Oath of Obedience (Deviant Doms 2)
Page 11
Will we crash? Is that what Piero planned?
The flight attendant’s gone back to adjusting snacks and beverages at the front of the plane. I clear my throat to get her attention.
“Yes?”
“Um. Have you…” It’s risky, asking for any information. I don’t know if she’s in league with the Regazzas or the Rossis or anyone. “Have you spoken to Piero?”
She holds my gaze a half a second too long for my comfort, and her smile seems a bit colder. “Not since we left. Why?”
“Oh,” I say, feigning nonchalance. “No reason.”
She goes back to her preparations without another word. My stomach plummets with the turbulence, before I realize we’re heading downward, the nose of the plane tipping forward. I gasp.
“Nothing to worry about, Elise,” she says casually. “Surely you’re not afraid? You’re the bravest flyer I’ve ever met. We’re only preparing to land.”
I breathe in deeply, then release a breath. My chest expands and deflates. I decide it’s best not to reply, as I watch the clouds zoom past the windows like lightning, and my stomach hits my shoes.
I text Elise.
Me: Did you talk to Piero? What’s his plan?
No response. I wait another half a minute and still, nothing.
Me: Hello? Yoo-hoo. Elise? Babe, we’re about to land… or crash… and I don’t know what’s happening next.
Nothing.
My stomach clenches when we hit a particularly rough patch. I close my eyes and try to remember how to breathe through my nose. We’re going to crash. I know it.
I text Elise again, but there’s no response. Oh God, I hope she’s okay. I don’t know what her father is capable of and wouldn’t put it past him to hurt her. I try to put my troubled mind at rest, but the next bout of turbulence makes me whimper out loud.
“Breathe,” the flight attendant says. I didn’t even realize she’s at my side. She leans in and murmurs in my ear. “The pilot doesn’t know who you are. I do. I’ve escorted Elise on many flights, and you may look like her from afar, but you’re not Elise.”
Shit. I breathe in through my nose, too petrified of the looming crash to worry about what she’s telling me.

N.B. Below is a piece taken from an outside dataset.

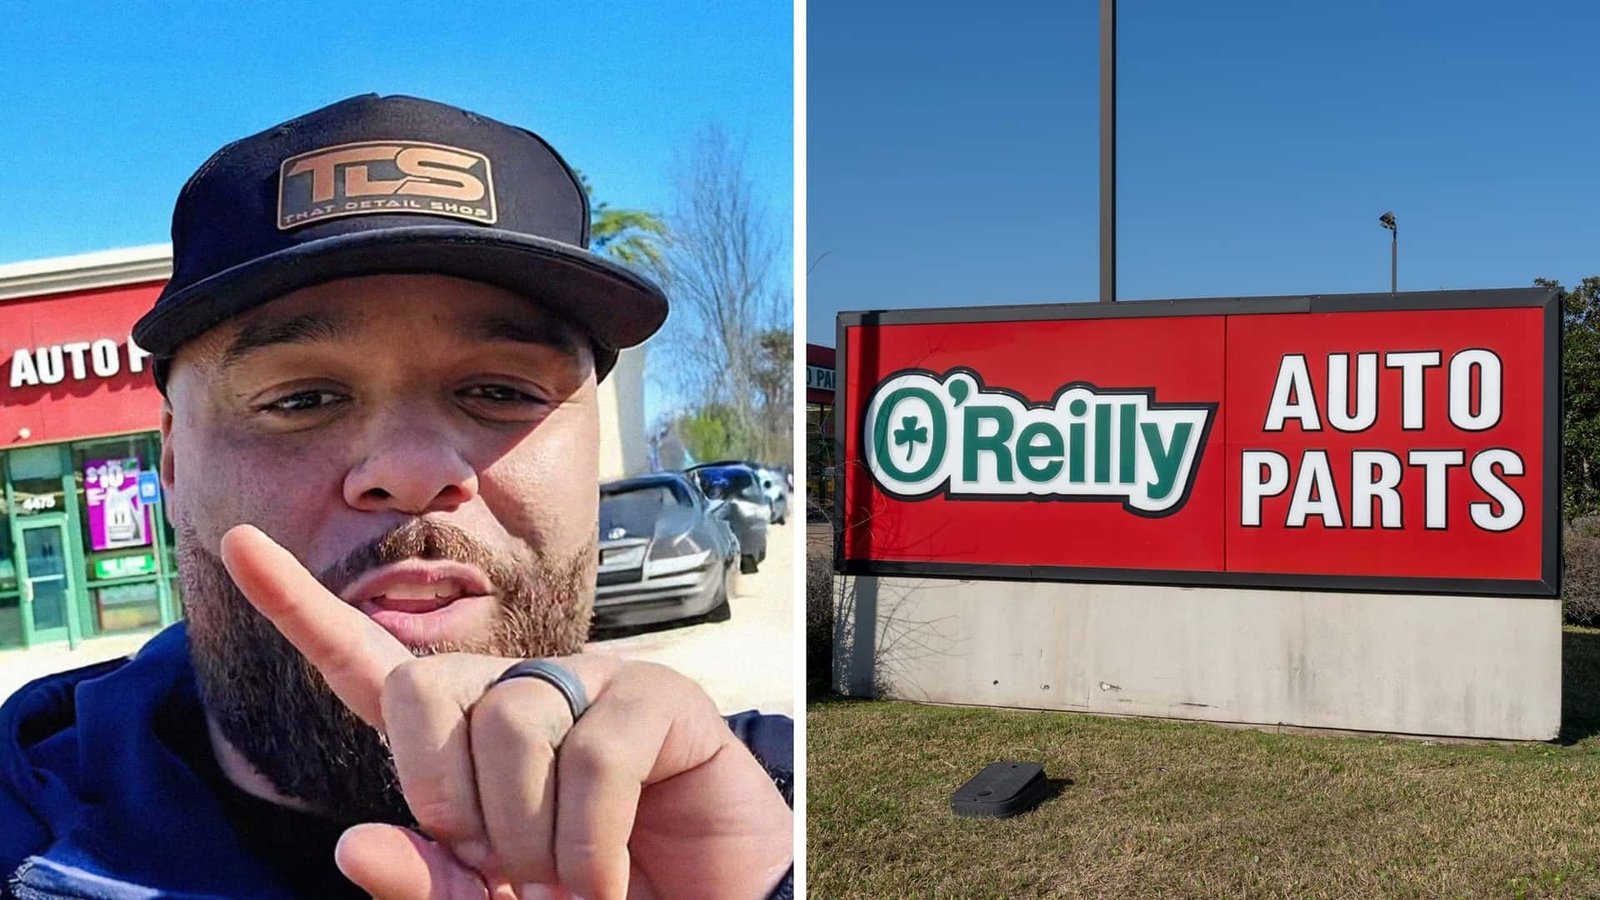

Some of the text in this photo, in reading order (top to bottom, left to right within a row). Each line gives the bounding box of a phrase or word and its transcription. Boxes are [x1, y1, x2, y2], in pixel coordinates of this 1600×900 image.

“Piero paid me to help you escape, but then you’re on your own. I’ve already gone above and beyond the call of duty.”
I nod wordlessly, for if I open my mouth, I’m going to be sick, and throwing up on the only advocate I have is probably a terrible mistake.
“We’re not going to really crash. It’s too unpredictable. We’re calling it a rocky landing, and it will cause enough distraction for you to get away.” She lowers her voice to a whisper, as my heart beats faster. “But listen to me. You are on your own. You get me?”
I nod. “Of course.”
“Good.”
The plane dips again, and I realize for the first time I can actually see the ground below us. I close my eyes so I don’t see and tell myself I’m just elevating, elevating, and no one will hurt me. I can get through this. I’ve gotten through so much more than this.
“When the plane hits, you get to the exit, and you run.”
I nod, but don’t look at her, my eyes still closed tightly against the pounding in my ears.
She curses under her breath in Italian, and even though my Italian isn’t the best, I swear I hear her say something about stupid little girl. But I don’t have time to be affronted, because the next bit of turbulence rocks me to my very core.
“Hey!” she yells. “You don’t have to make it so—” But she never completes her sentence. The plane’s dragged down, then up, and we’re both screaming as we’re tossed about like ice in a blender. I grit my teeth, too scared to make a sound, and when we hit, something smacks my head. And everything comes to a stuttering halt.
“I got her.” A deep, masculine voice with an edge of a rasp in it. “She’s over here.”
“You got the pilot? Flight attendant?”
“Yeah, they’re fine.”
I try to open my eyes, but they’re so heavy. I’m enveloped in the smell of leather and pine, warm in the back of—
I sit up, and my head hits the back of the seat. I wince on impact. Oh, God. I’m in someone’s car and I’m being taken somewhere.
Shit. Shit, shit, shit.
I try to open my mouth, but it won’t work. Something’s wrapped up against my head. Whoever’s driving this thing drives like a bat out of hell, every rock and divot in the road making us lurch and lunge.
“Stop, oh my God,” I manage to mutter, and the driver almost crashes the car. He flinches as if struck.
“My God, when did you come to?”
My stomach quivers uneasily. “I… Just now, I guess. Where am I?”
This isn’t how this was supposed to go. We were supposed to fake a crash, and I was going to escape.